* _WHAT TO WORK ON_: All the data below goes into the copy word for word, but the pictures don't.

* _STORED DATA_:

====================

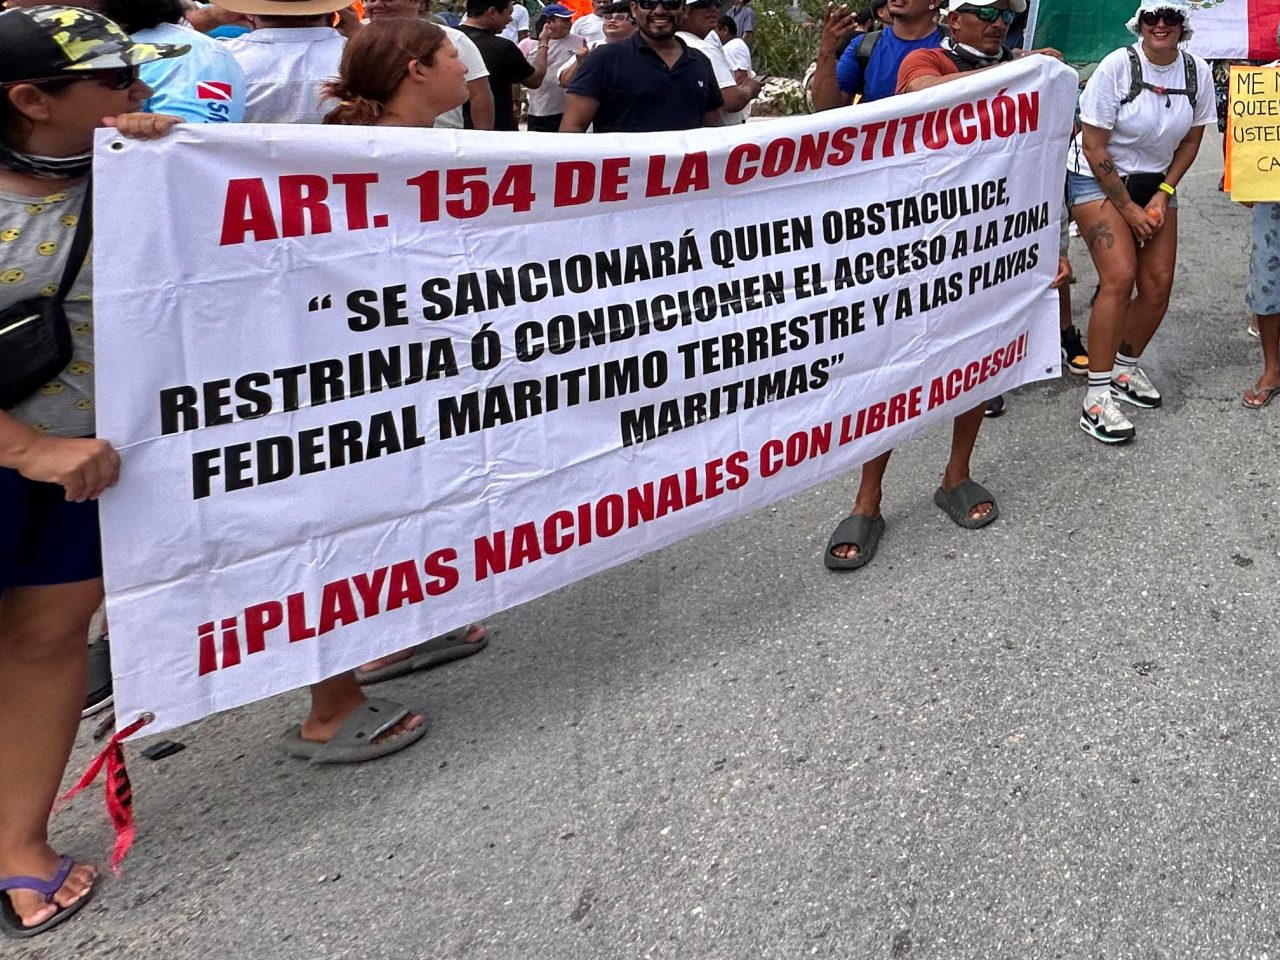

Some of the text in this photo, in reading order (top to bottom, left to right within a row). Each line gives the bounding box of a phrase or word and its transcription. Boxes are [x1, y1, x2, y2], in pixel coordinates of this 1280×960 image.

[221, 89, 1038, 245] ART. 154 DE LA CONSTITUCIÓN
[1237, 72, 1265, 95] ME
[160, 197, 1048, 435] RESTRINJA Ó CONDICIONEN EL ACCESO A LA ZONA
[422, 229, 702, 321] SANCIONARÁ
[710, 216, 813, 268] QUIEN
[823, 177, 1009, 244] OBSTACULICE,
[193, 243, 1038, 499] FEDERAL MARITIMO TERRESTRE Y A LAS PLAYAS
[475, 451, 748, 580] NACIONALES
[760, 423, 831, 477] CON
[840, 387, 922, 445] LIBRE
[927, 330, 1029, 410] ACCESO!!
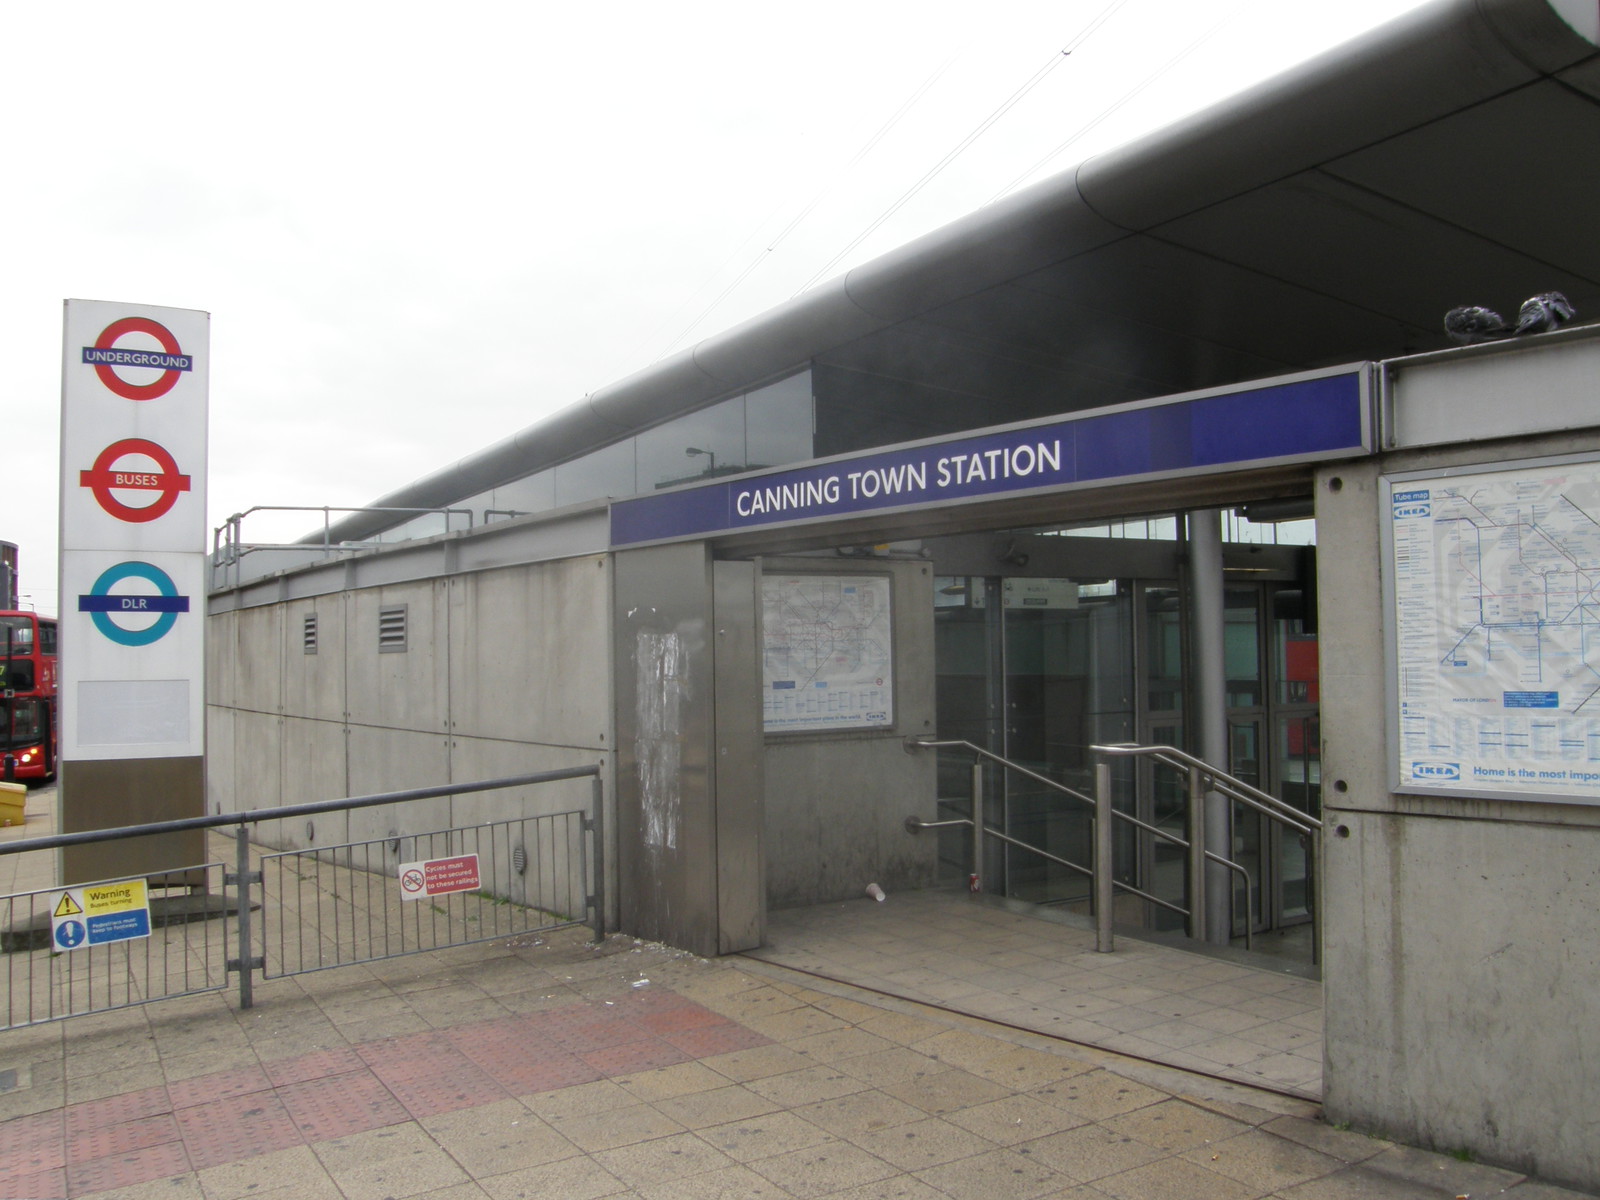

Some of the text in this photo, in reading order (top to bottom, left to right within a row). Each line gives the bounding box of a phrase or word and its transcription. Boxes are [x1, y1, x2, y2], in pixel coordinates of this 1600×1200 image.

[86, 350, 188, 368] UNDERGROUND
[115, 474, 158, 486] BUSES
[737, 440, 1061, 516] CANNING TOWN STATION
[1395, 492, 1428, 501] Tube map
[1398, 507, 1426, 516] IKEA
[121, 598, 148, 609] DLR
[1418, 766, 1455, 775] IKEA
[1473, 766, 1505, 776] Home
[1507, 767, 1516, 777] is
[1518, 768, 1536, 778] the
[1538, 769, 1566, 779] most
[425, 865, 446, 873] Cycles
[448, 869, 472, 878] secured
[455, 877, 478, 885] railings
[89, 889, 131, 901] Warning
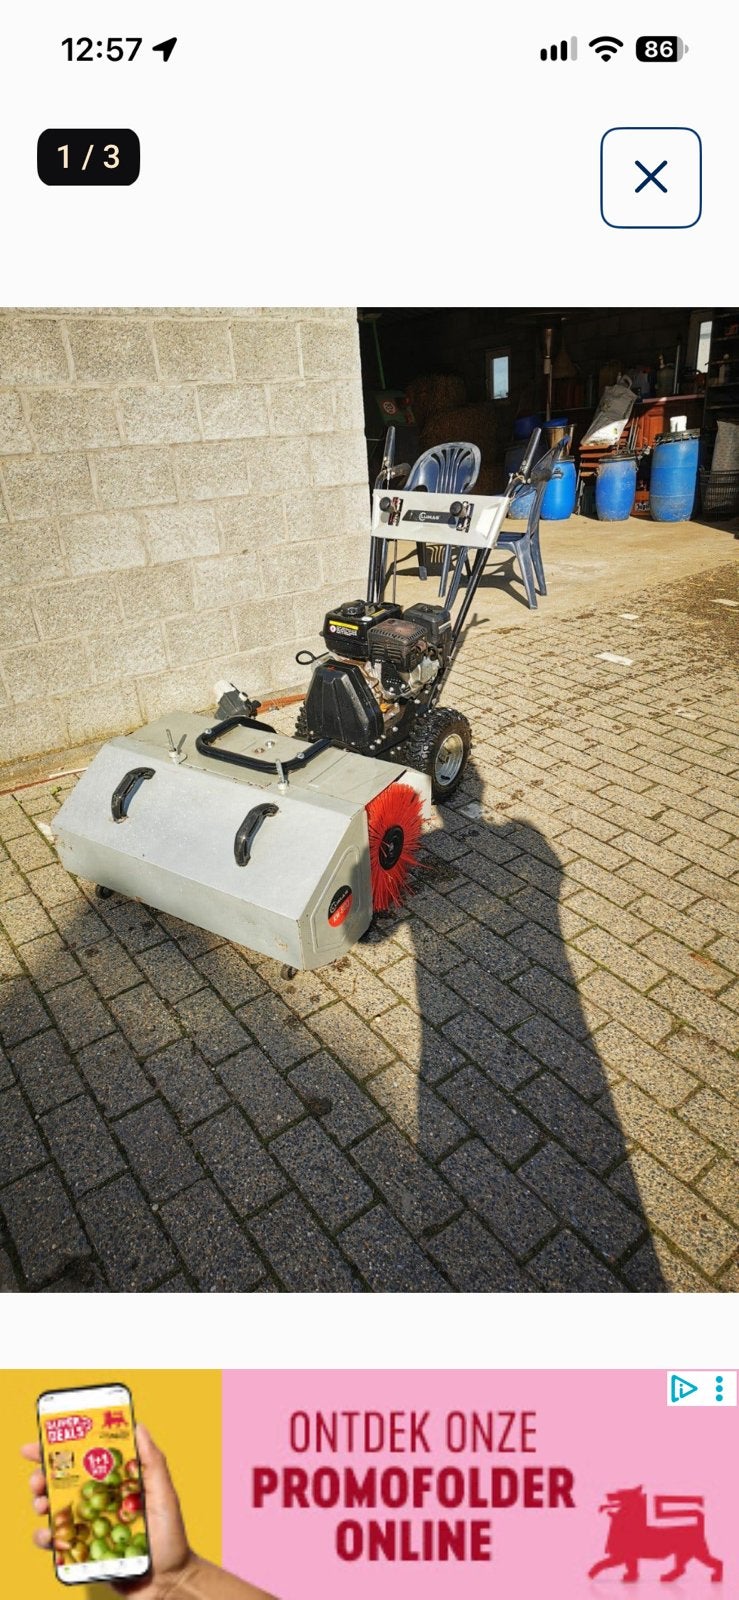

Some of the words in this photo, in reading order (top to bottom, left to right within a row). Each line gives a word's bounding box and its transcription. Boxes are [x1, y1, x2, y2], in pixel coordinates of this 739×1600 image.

====================

* _REPLY TO THE EXERCISE_:
Some of the text in this photo, in reading order (top to bottom, left to right within a row). Each line gives the bounding box of a phrase or word and its transcription. Boxes are [x1, y1, x2, y2], in pixel coordinates of this 1280×960 image.

[221, 89, 1038, 245] ART. 154 DE LA CONSTITUCIÓN
[1237, 72, 1265, 95] ME
[160, 197, 1048, 435] RESTRINJA Ó CONDICIONEN EL ACCESO A LA ZONA
[422, 229, 702, 321] SANCIONARÁ
[710, 216, 813, 268] QUIEN
[823, 177, 1009, 244] OBSTACULICE,
[193, 243, 1038, 499] FEDERAL MARITIMO TERRESTRE Y A LAS PLAYAS
[475, 451, 748, 580] NACIONALES
[760, 423, 831, 477] CON
[840, 387, 922, 445] LIBRE
[927, 330, 1029, 410] ACCESO!!

Some of the text in this photo, in reading order (top to bottom, left to right within a row). Each line gives the bounding box of a phrase or word and its transcription. Boxes are [x1, y1, x2, y2], in pixel coordinates of this 1600×1200 image.

[86, 350, 188, 368] UNDERGROUND
[115, 474, 158, 486] BUSES
[737, 440, 1061, 516] CANNING TOWN STATION
[1395, 492, 1428, 501] Tube map
[1398, 507, 1426, 516] IKEA
[121, 598, 148, 609] DLR
[1418, 766, 1455, 775] IKEA
[1473, 766, 1505, 776] Home
[1507, 767, 1516, 777] is
[1518, 768, 1536, 778] the
[1538, 769, 1566, 779] most
[425, 865, 446, 873] Cycles
[448, 869, 472, 878] secured
[455, 877, 478, 885] railings
[89, 889, 131, 901] Warning

Some of the words in this photo, in reading order (top to bottom, left to right within a row). Each line gives a word's bounding box and its transcription. Boxes are [x1, y1, x2, y2], in pixel coordinates of this 739×1600 image.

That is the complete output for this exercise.